*** Input data
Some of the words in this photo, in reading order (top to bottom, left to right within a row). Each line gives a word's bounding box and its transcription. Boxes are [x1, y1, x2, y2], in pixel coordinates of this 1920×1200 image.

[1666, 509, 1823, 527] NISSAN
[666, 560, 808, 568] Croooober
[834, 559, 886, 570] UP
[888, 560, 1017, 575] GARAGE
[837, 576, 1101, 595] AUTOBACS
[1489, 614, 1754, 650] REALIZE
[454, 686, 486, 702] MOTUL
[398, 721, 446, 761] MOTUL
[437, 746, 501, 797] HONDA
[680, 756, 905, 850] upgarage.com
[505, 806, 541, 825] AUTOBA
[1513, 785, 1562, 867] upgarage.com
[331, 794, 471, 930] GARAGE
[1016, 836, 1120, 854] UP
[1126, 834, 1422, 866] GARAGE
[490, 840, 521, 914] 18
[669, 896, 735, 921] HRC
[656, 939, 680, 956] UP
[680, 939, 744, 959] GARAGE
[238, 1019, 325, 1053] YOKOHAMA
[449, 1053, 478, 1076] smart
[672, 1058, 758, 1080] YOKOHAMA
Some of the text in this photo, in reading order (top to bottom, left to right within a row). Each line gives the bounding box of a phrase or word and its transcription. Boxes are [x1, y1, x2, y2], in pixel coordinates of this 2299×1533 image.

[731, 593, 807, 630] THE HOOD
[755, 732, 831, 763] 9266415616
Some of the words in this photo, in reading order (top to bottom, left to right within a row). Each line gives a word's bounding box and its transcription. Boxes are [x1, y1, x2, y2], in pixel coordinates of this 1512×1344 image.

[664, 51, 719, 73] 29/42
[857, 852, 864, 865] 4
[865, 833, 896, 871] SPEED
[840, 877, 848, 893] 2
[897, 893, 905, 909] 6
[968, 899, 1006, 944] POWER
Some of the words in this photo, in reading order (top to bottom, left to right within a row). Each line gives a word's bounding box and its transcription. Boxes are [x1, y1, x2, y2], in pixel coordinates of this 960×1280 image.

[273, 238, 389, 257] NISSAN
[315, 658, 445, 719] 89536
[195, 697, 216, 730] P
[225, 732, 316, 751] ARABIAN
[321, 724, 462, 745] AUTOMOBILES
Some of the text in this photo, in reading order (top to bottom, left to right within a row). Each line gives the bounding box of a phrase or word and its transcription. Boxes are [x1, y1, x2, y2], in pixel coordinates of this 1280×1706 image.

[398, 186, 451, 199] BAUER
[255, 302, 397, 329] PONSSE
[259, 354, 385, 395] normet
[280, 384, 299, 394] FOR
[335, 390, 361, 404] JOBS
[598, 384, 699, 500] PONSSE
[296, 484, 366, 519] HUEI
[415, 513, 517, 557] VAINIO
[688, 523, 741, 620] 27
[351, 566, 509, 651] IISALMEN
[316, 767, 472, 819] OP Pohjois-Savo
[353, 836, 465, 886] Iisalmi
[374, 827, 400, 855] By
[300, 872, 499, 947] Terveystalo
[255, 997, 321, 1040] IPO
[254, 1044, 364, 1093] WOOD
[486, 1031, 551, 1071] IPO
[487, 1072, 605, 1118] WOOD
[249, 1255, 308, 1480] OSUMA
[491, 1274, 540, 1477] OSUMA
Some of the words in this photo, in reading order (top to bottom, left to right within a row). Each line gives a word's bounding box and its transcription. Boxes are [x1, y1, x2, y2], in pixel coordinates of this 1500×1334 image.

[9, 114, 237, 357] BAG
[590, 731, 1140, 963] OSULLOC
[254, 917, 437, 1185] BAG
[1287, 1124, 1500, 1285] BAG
******
- **The problem**: Retype all of the material. Each line must match exactly.

- **Answer to this exercise**:
Some of the words in this photo, in reading order (top to bottom, left to right within a row). Each line gives a word's bounding box and its transcription. Boxes are [x1, y1, x2, y2], in pixel coordinates of this 1920×1200 image.

[1666, 509, 1823, 527] NISSAN
[666, 560, 808, 568] Croooober
[834, 559, 886, 570] UP
[888, 560, 1017, 575] GARAGE
[837, 576, 1101, 595] AUTOBACS
[1489, 614, 1754, 650] REALIZE
[454, 686, 486, 702] MOTUL
[398, 721, 446, 761] MOTUL
[437, 746, 501, 797] HONDA
[680, 756, 905, 850] upgarage.com
[505, 806, 541, 825] AUTOBA
[1513, 785, 1562, 867] upgarage.com
[331, 794, 471, 930] GARAGE
[1016, 836, 1120, 854] UP
[1126, 834, 1422, 866] GARAGE
[490, 840, 521, 914] 18
[669, 896, 735, 921] HRC
[656, 939, 680, 956] UP
[680, 939, 744, 959] GARAGE
[238, 1019, 325, 1053] YOKOHAMA
[449, 1053, 478, 1076] smart
[672, 1058, 758, 1080] YOKOHAMA
Some of the text in this photo, in reading order (top to bottom, left to right within a row). Each line gives the bounding box of a phrase or word and its transcription. Boxes are [x1, y1, x2, y2], in pixel coordinates of this 2299×1533 image.

[731, 593, 807, 630] THE HOOD
[755, 732, 831, 763] 9266415616
Some of the words in this photo, in reading order (top to bottom, left to right within a row). Each line gives a word's bounding box and its transcription. Boxes are [x1, y1, x2, y2], in pixel coordinates of this 1512×1344 image.

[664, 51, 719, 73] 29/42
[857, 852, 864, 865] 4
[865, 833, 896, 871] SPEED
[840, 877, 848, 893] 2
[897, 893, 905, 909] 6
[968, 899, 1006, 944] POWER
Some of the words in this photo, in reading order (top to bottom, left to right within a row). Each line gives a word's bounding box and its transcription. Boxes are [x1, y1, x2, y2], in pixel coordinates of this 960×1280 image.

[273, 238, 389, 257] NISSAN
[315, 658, 445, 719] 89536
[195, 697, 216, 730] P
[225, 732, 316, 751] ARABIAN
[321, 724, 462, 745] AUTOMOBILES
Some of the text in this photo, in reading order (top to bottom, left to right within a row). Each line gives the bounding box of a phrase or word and its transcription. Boxes are [x1, y1, x2, y2], in pixel coordinates of this 1280×1706 image.

[398, 186, 451, 199] BAUER
[255, 302, 397, 329] PONSSE
[259, 354, 385, 395] normet
[280, 384, 299, 394] FOR
[335, 390, 361, 404] JOBS
[598, 384, 699, 500] PONSSE
[296, 484, 366, 519] HUEI
[415, 513, 517, 557] VAINIO
[688, 523, 741, 620] 27
[351, 566, 509, 651] IISALMEN
[316, 767, 472, 819] OP Pohjois-Savo
[353, 836, 465, 886] Iisalmi
[374, 827, 400, 855] By
[300, 872, 499, 947] Terveystalo
[255, 997, 321, 1040] IPO
[254, 1044, 364, 1093] WOOD
[486, 1031, 551, 1071] IPO
[487, 1072, 605, 1118] WOOD
[249, 1255, 308, 1480] OSUMA
[491, 1274, 540, 1477] OSUMA
Some of the words in this photo, in reading order (top to bottom, left to right within a row). Each line gives a word's bounding box and its transcription. Boxes are [x1, y1, x2, y2], in pixel coordinates of this 1500×1334 image.

[9, 114, 237, 357] BAG
[590, 731, 1140, 963] OSULLOC
[254, 917, 437, 1185] BAG
[1287, 1124, 1500, 1285] BAG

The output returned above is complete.